Antigenic competition between polypeptidyl determinants in normal and tolerant rabbits.

Competition between two polypeptidyl determinants was studied in normal rabbits and rabbits made tolerant to the competing antigen. The capacity of poly-DL-phenylalanyl protein conjugate to inhibit the formation of antibodies specific to the poly-DL-alanyl determinant was dependent on the nature of the protein carrier of the singly substituted antigens. Competition occurred only when the peptidyl determinants were attached to identical or similar (RSA and HSA) carriers. Thus, the immune response toward the poly-DL-alanyl determinant was impaired by injecting the pairs p-DL-PheRSA and p-DL-AlaHSA, or p-DL-PheRNase and p-DL-AlaRNase. Suppression of the formation of antibodies with poly-DL-alanyl specificity was not observed, however, upon administration of p-DL-PheRSA together with p-DL-AlaRNase or of p-DL-PheRNase with p-DL-AlaHSA. Tolerance to p-DL-PheRSA was induced by injecting this material into newborn rabbits. The tolerant animals retained their capacity to produce anti-poly-DL-alanyl antibodies upon injection of p-DL-AlaRSA or p-DL-AlaHSA. However, when these poly-DL-alanyl proteins were administered together with p-DL-PheRSA, antibodies against the poly-DL-alanyl determinant were not formed even though no antibodies with poly-DL-phenylalanyl specificity were produced.
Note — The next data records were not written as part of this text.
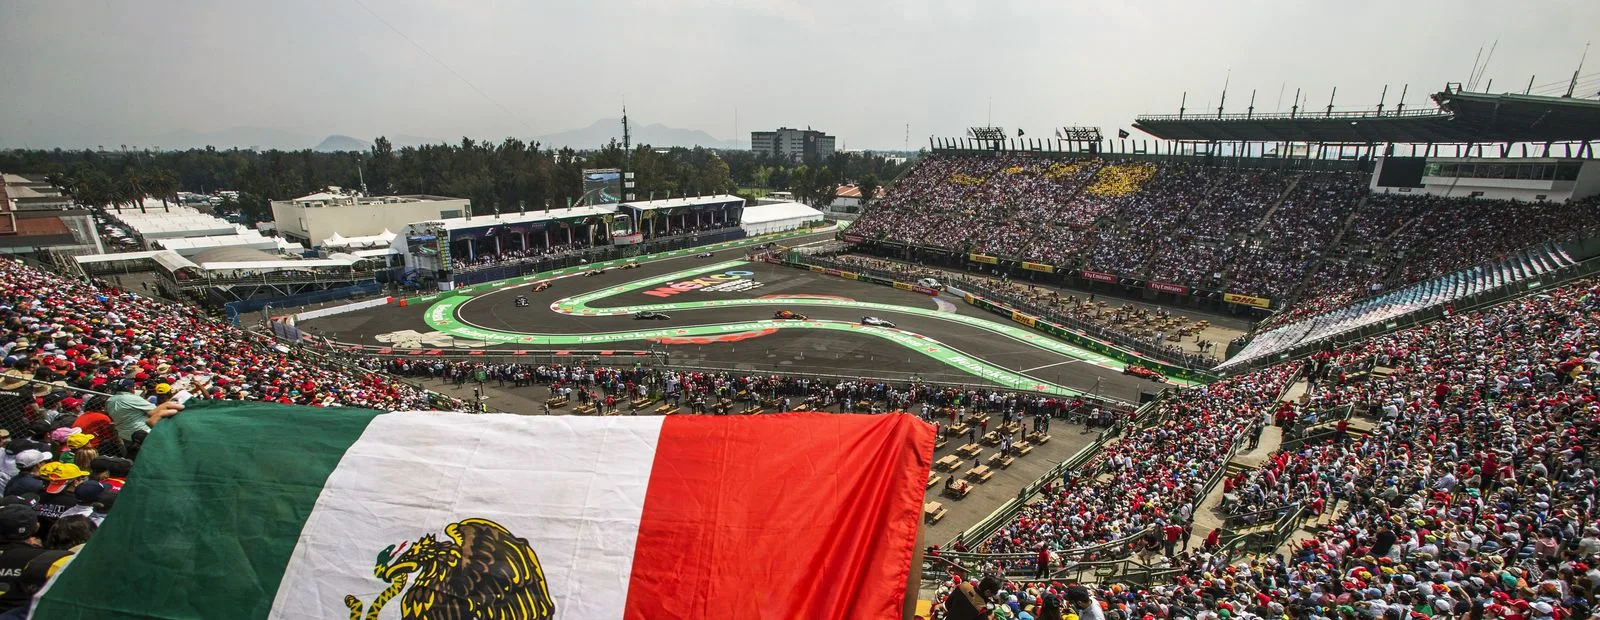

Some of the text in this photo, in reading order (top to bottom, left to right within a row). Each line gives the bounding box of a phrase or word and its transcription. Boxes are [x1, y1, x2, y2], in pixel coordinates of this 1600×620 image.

[1231, 295, 1259, 304] DHL
[1015, 313, 1031, 325] DHL
[720, 321, 808, 332] Heineken
[577, 330, 670, 343] Heineken
[949, 356, 1025, 386] Heineken
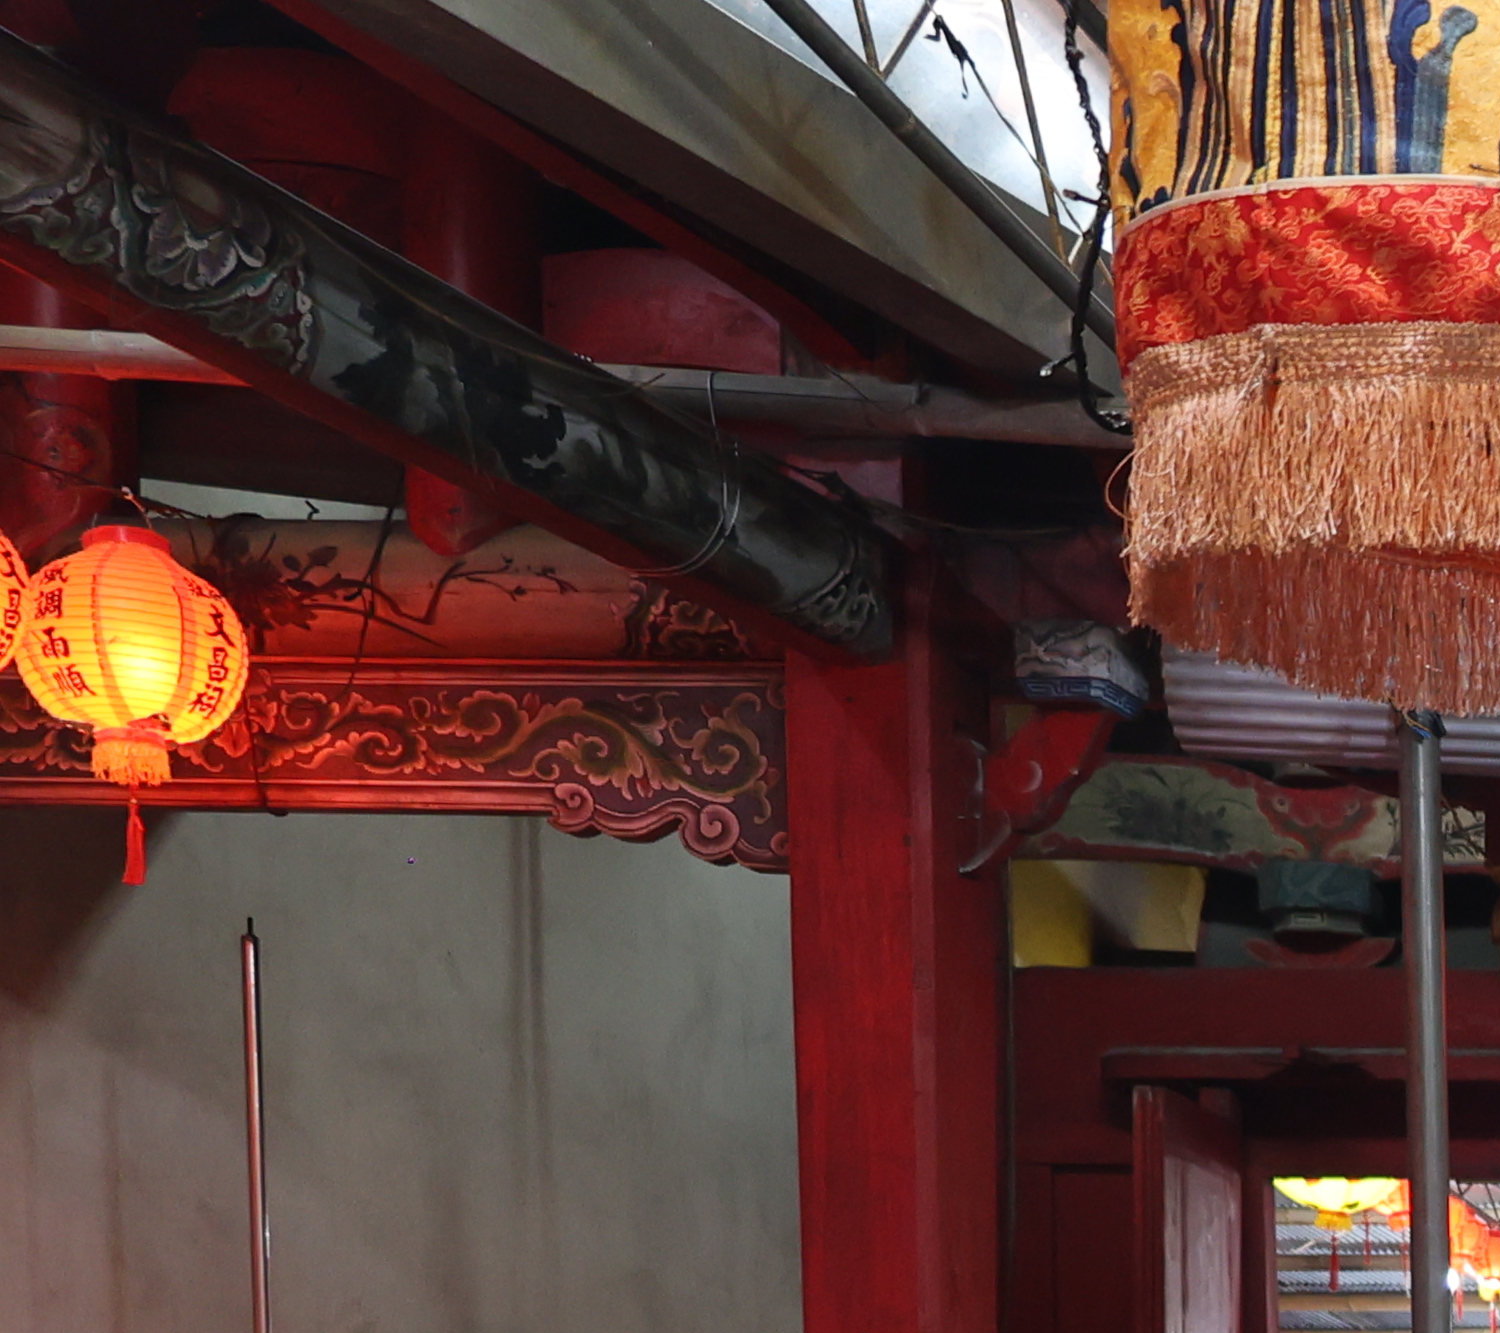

These results indicate that in competition experiments the preference in the immune response against a given determinant is dependent not only on the nature of the competing determinants, but it is also governed to a large extent by the over-all properties of the antigenic molecules. This suggests that at the stage at which the competition occurs the competing molecules had not undergone considerable degradation. On the basis of experiments with tolerant animals, it is suggested that in normal animals antibody formation to the competing antigen is not the cause of its inhibitory action on the response against the other antigen. The competition experiments described suggest that an antibody-forming cell is multipotent.